En líneas generales, los viajes siempre han tenido un propósito, una agenda laboral o académica, por eso esta travesía es especial, porque por razones personales ajenas a este texto, me ha tocado un periplo sin agenda, ni rumbo, ni objetivos aparentes, tanto que en muchos momentos me he sentido perdida, pero la única constante ha sido esta hambre instalada en mi cuerpo y espíritu.
El hambre no es física. El paso por Italia para cualquier viajero, en especial si es amante de la buena mesa, es una fuente de placer inagotable: vinos, helados, quesos, aceites, chocolates, pastas, ostras, embutidos, cervezas, panes, cada bocado ha sido un motivo de celebración y gusto.

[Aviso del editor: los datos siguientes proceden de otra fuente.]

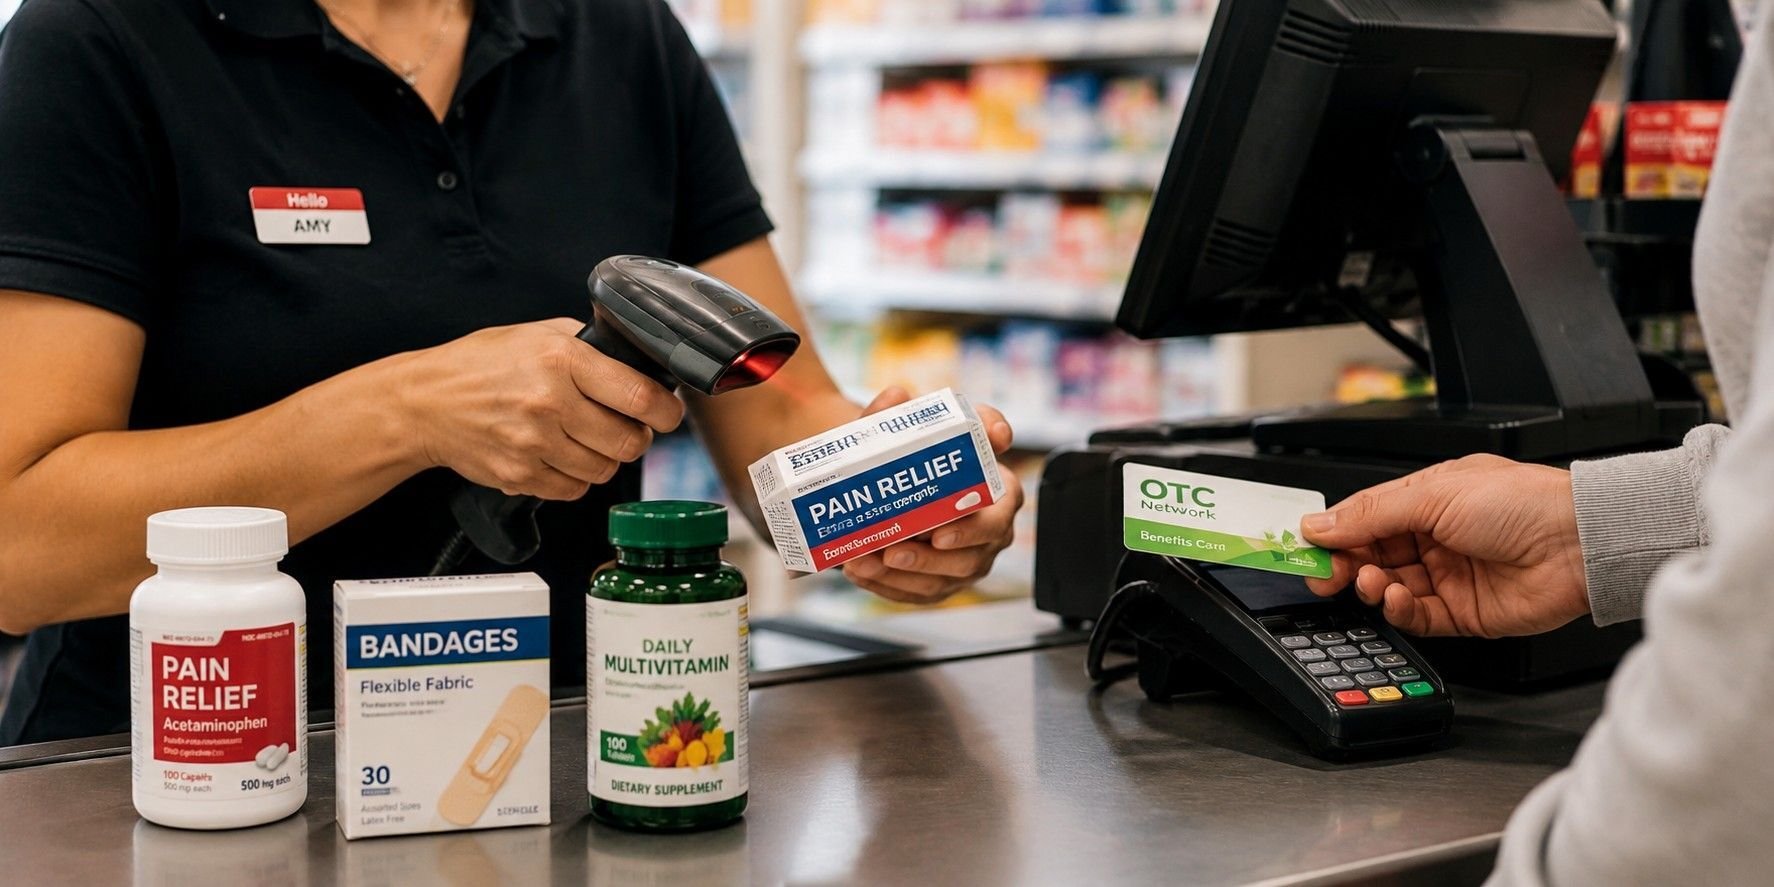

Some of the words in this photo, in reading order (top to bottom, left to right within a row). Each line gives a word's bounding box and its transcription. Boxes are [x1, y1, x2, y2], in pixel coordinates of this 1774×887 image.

[286, 192, 328, 208] Hello
[294, 219, 331, 232] AMY
[809, 485, 874, 525] PAIN
[876, 449, 963, 499] RELIEF
[1140, 479, 1216, 508] OTC
[1141, 500, 1216, 520] Network
[1140, 530, 1193, 547] Benefits
[360, 628, 519, 659] BANDAGES
[643, 638, 693, 654] DAILY
[162, 655, 229, 681] PAIN
[605, 654, 729, 675] MULTIVITAMIN
[360, 678, 421, 694] Flexible
[426, 675, 474, 691] Fabric
[163, 684, 258, 710] RELIEF
[163, 717, 268, 733] Acetaminophen
[606, 737, 627, 752] 100
[164, 770, 179, 780] 100
[241, 778, 260, 790] 500
[361, 766, 390, 785] 30
[611, 779, 652, 794] DIETARY
[655, 779, 723, 796] SUPPLEMENT

Escribo este texto en un tren vía Almería, España, me acompaña un paisaje de olivos, que disfruto desde un vagón lleno de abuelitos muy ruidosos. En tierra ibérica he comido igual de bien, es otro registro de sabores, otra visión de la filosofía de la mesa, pero igual de placentera.
Entonces, ¿por qué tengo tanta hambre? Vista y vivida a la distancia, la lucha de todos los días resulta simplemente extenuante. Qué gratificante resulta no empezar una conversación intercambiando datos sobre dónde conseguir papel toalet o medicinas, salir a la puerta de mi casa para toparme con la cola de la farmacia diagonal a mi portal. Ya pasé por la euforia de entrar a un supermercado y salir de ahí con las tripas revueltas de la rabia.
Ha sido suficiente un pequeño alto en el camino, para ratificar que la vida es más que la angustia diaria que me acompaña. No hay comida en el mundo que sacie eso. Cómo logro transmitir que la vida es más que harina pan, aceite, miedo y la desesperación que se instalado en la vida de muchos venezolanos. Cómo explico que la cotidianidad la tenemos totalmente revuelta y volteada.
El amigo que visitaré en Almería me enviaba un link sobre lo lentos de los trenes para llegar a su ciudad. El chat iba más o menos así:
Yo: ¿me quieres meter miedo?
Amigo: ¿cómo le voy a meter miedo a alguien que vive en Caracas?.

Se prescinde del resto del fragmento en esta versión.